PFHTI heard about this short story thanks to Lydia Schoch’s review. I encourage you to read her take as well, because she’s much better at writing these things without spoilers than I am. But I’m going to try anyway, because I enjoyed this tale quite a lot.

As Lydia notes, there are few stories that mention menstruation. Which is odd if you think about it, because it’s a normal part of life for 50% of the population. But apparently it’s a topic people prefer not to talk about—and demons too, as Terazael, the bloodthirsty-but-rather-helpless monster summoned in this story demonstrates. (You know, I never realized until just now that “demonstrate” has the word “demon” in it.)

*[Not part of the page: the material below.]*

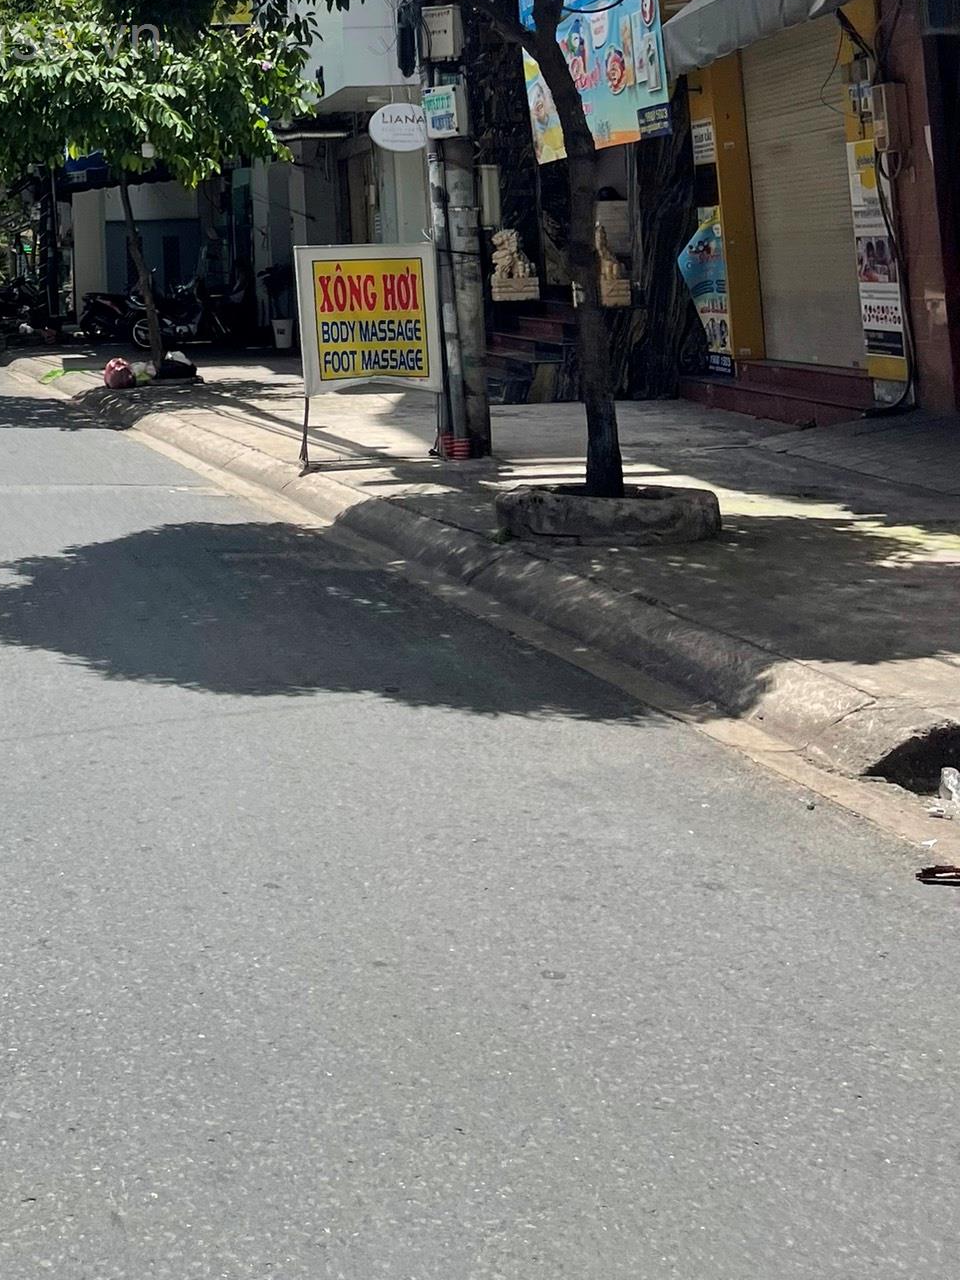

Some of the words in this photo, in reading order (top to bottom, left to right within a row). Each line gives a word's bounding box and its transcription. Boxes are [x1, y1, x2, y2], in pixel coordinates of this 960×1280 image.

Anyway, I can’t tell you much about this story without spoiling it, other than to say that it’s a delightful comedy about a woman who summons a demon while she’s on her period, and the comical antics and misunderstandings that follow. Now, if that’s not an original and intriguing enough concept to catch your attention, I don’t know what is.

Pads For His Throne is very short, but don’t let that stop you from picking it up. It’s not the size of the book that matters; it’s the size of the laughs you get from the story, and there are some big ones in here. 

5 Comments

  1. Thanks for the shout out!

    It’s so cool that you decided to read and review this story, too. You did a nice job with your review.

  2. When a friend read Weed Therapy, my novel that was unpublished by the author for reasons that will go unstated, she commented that she was surprised I didn’t describe the MC’s bathroom habits. There is a lot of detail about daily activities in the story and she was joking, of course, but … think about it. How many stories talk about a character going to the bathroom. I think it’s just the case that there are some things — potty trips and menstruation — that just kind of go unsaid.

    1. It’s true–and in most cases, it’s probably for the best. I know for me, it would be a drag to have to factor things like that into what characters are doing. I rarely even bother with details like meals, what characters are wearing, etc. either.

      But… when a really good writer does it, it can be used to great effect. But I suppose that’s true of anything, isn’t it?

      1. Very true … I tend to stay away from those things as well, but in Weed Therapy I devoted words to the intimate details of some meals because it revealed things about the characters and also it was the meals where conversations took place that were a key part of the story.